Критический вопрос для каждого порядочного человека моего поколения был поставлен диссидентским движением, возникшим в конце шестидесятых годов, незадолго до конца «оттепели». Независимо от своей направленности – защиты ли Синявского и Даниэля, симпатии к Израилю во время и после 6-ти дневной войны, протеста против ввода войск в Чехословакию, или участия в самиздате – диссидентские движения слились в общей правозащитный поток, который в дальнейшем все более пополнялся. Правозащитные позиции не могли не затрагивать большинства интеллигенции и не разделяться ими.. Многие ученые, писатели и артисты подписывали петиции в партийные и правительственные верха, обычно в чью-либо защиту или в поддержку определенных демократических требований. Однако вскоре (1968–1969 гг.), такие акции были жестко пресечены и они уже стали, если не героическими, то, во всяком случае, весьма мужественными поступками. Плата за них была всегда высокой – исключение из партии, перевод в «невыездные», остановка служебной карьеры, вплоть до снятия с должности и увольнения. И уж всегда – общественное обсуждение и осуждение (2). Так что стать «подписантом» можно было лишь один раз, заплатив за это многим, если не настоящим то будущим. Повторение акции делала человека уже профессиональным диссидентом, к чему стремились лишь немногие.
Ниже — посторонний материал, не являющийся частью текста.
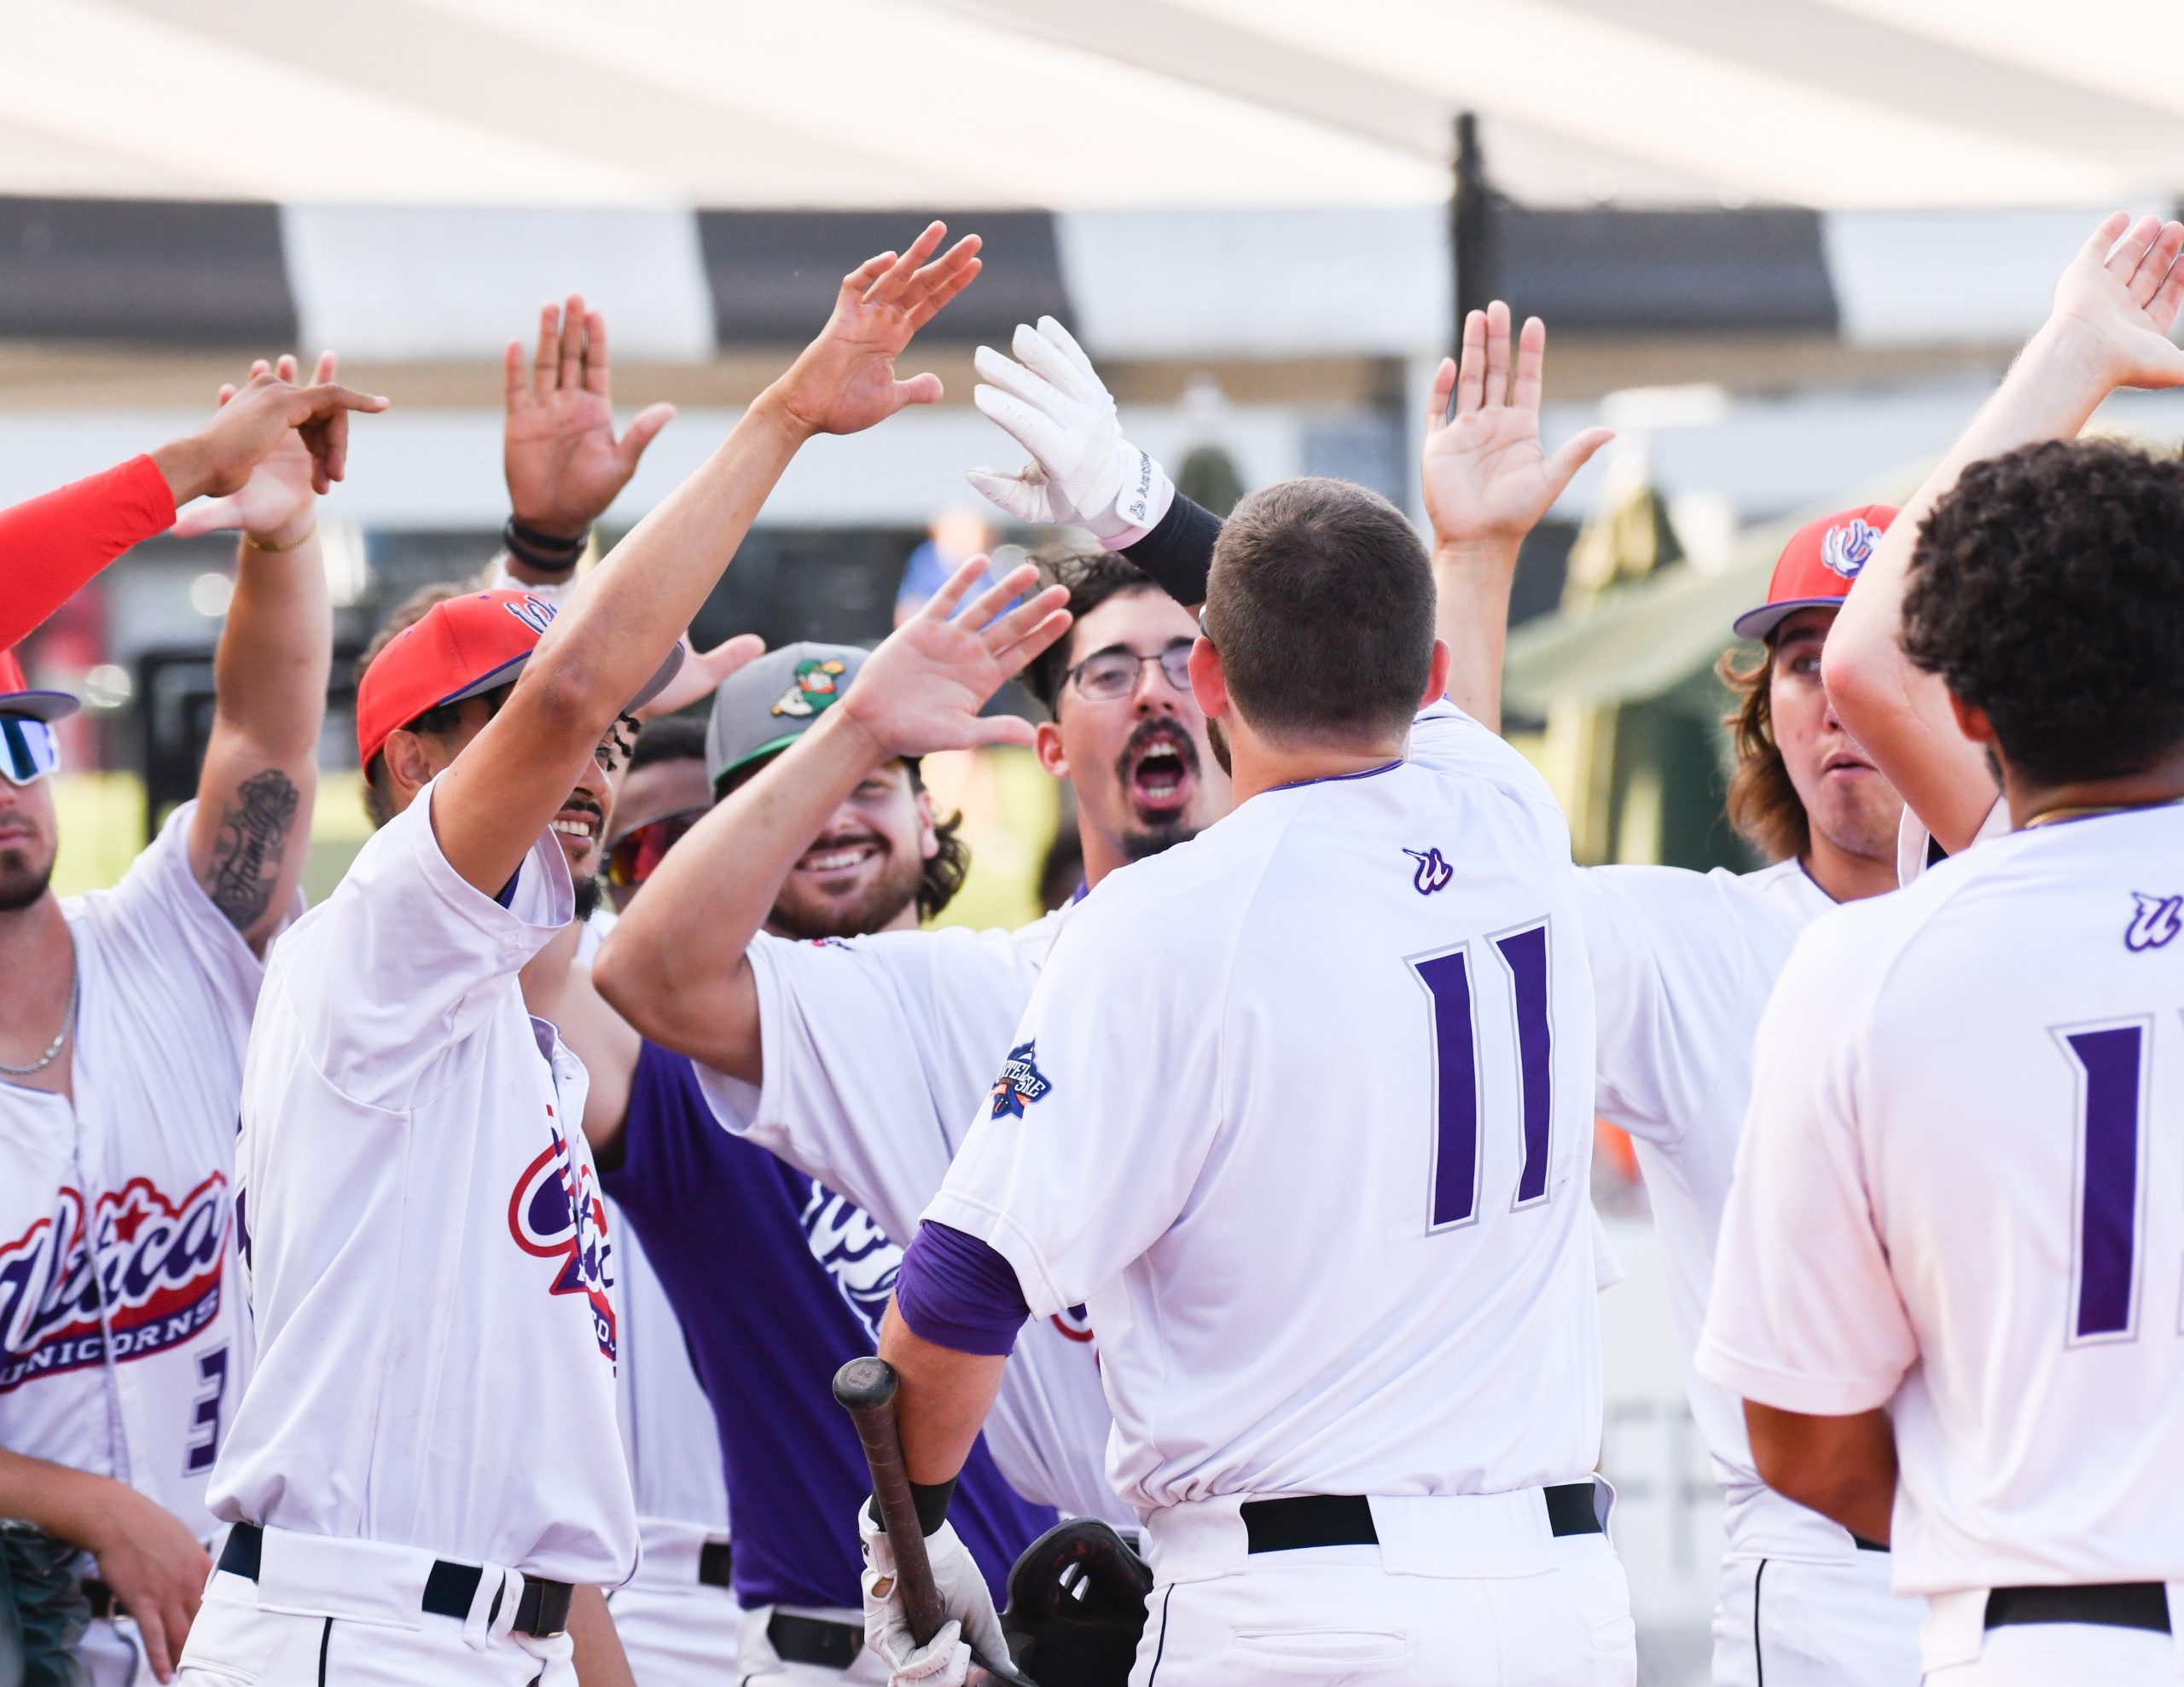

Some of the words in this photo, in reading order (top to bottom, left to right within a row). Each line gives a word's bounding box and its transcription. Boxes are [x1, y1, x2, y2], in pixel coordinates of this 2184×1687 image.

[1402, 914, 1554, 1238] 11
[2048, 1012, 2184, 1350] 1
[0, 1287, 219, 1385] UNICORNS
[183, 1337, 229, 1477] 3
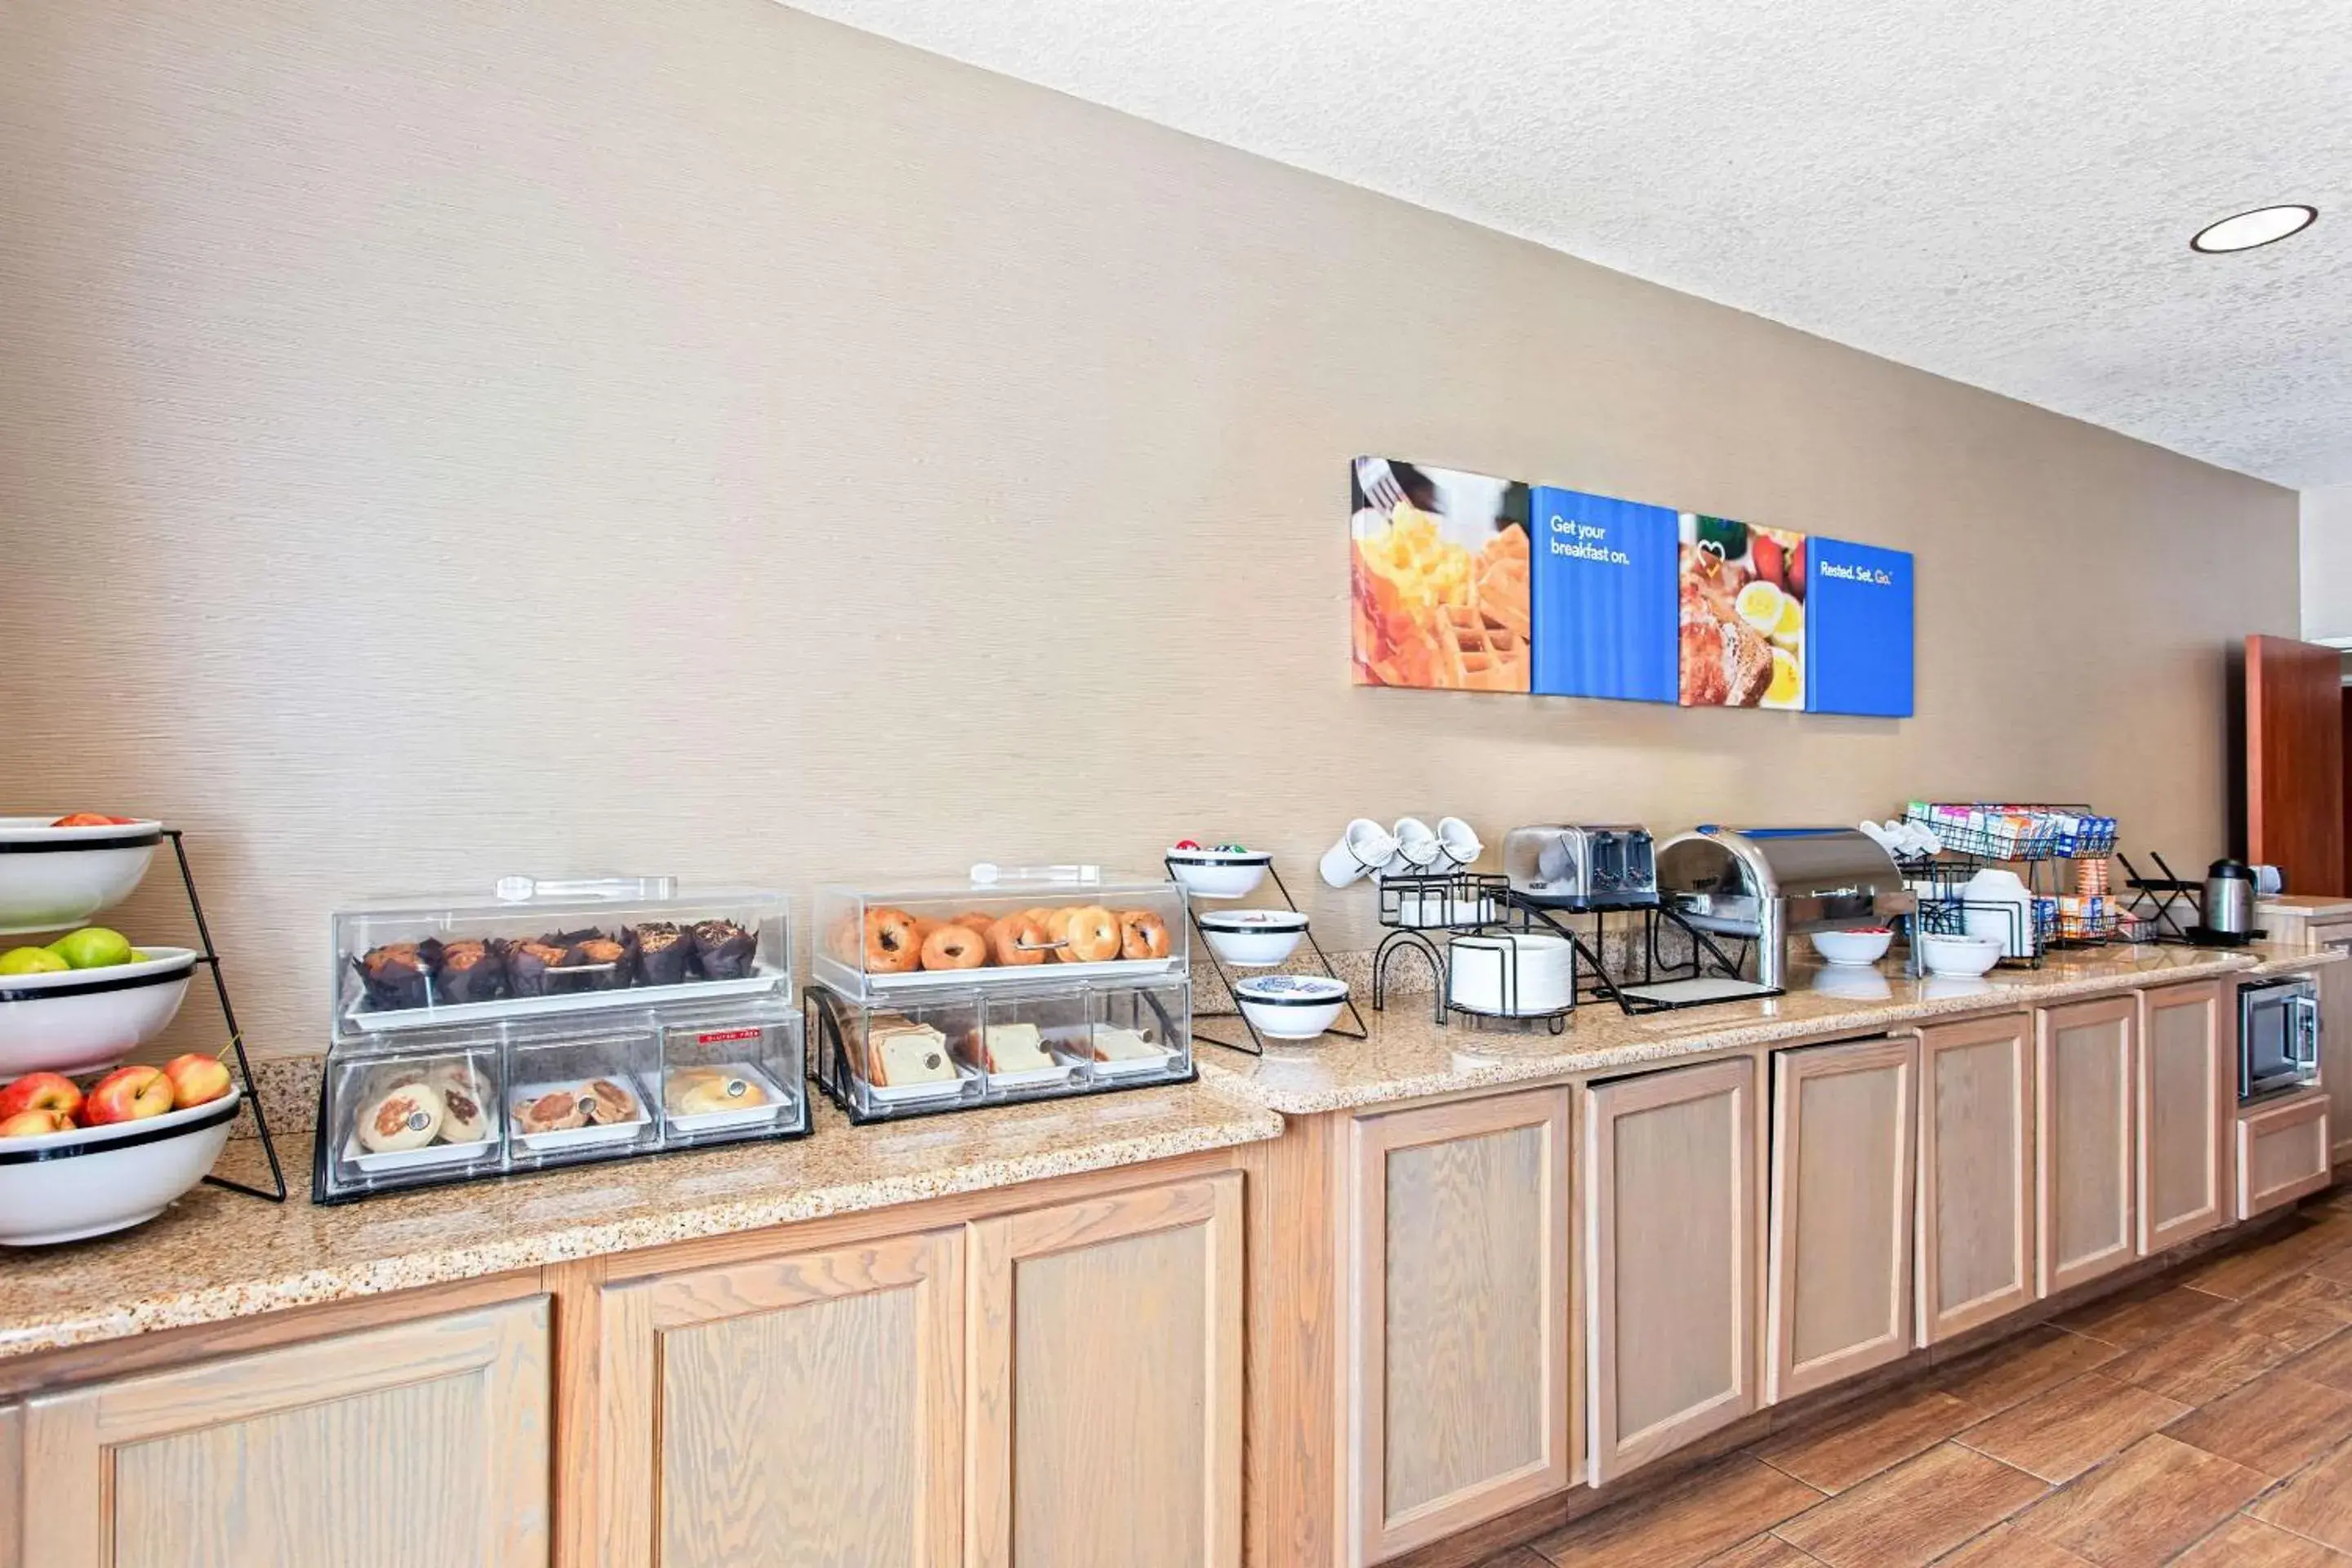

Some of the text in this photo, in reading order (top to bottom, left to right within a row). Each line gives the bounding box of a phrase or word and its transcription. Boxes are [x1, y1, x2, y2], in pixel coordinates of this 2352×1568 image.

[1551, 514, 1606, 540] Get your
[1551, 537, 1630, 565] breakfast on.
[1820, 561, 1855, 579] Rested.
[1856, 565, 1873, 582] Set.
Так что человек оказывался перед выбором – либо не замечать происходящего, не помогать и не содействовать правозащитникам, либо дорого заплатить за свое участие, тем более, что практической пользы ни письма, ни другие формы открытого обращения к властям обычно не имели. Столь же трудно было отказаться подписывать «антиписьмо», направленное против диссидента (А.Д. Сахарова, А.И. Солженицына), или Голды Меир, («руки прочь от советских евреев») или против какого-либо западного защитника наших диссидентов из «Международной Амнистии». Для человека, не желавшего вмешиваться в политику, предпочитавшего заниматься своим профессиональным делом и не приносить его в жертву в «чужой игре», ситуация была трудноразрешимой, тем более, что «игра» отнюдь не была игрой, а также не была и чужой.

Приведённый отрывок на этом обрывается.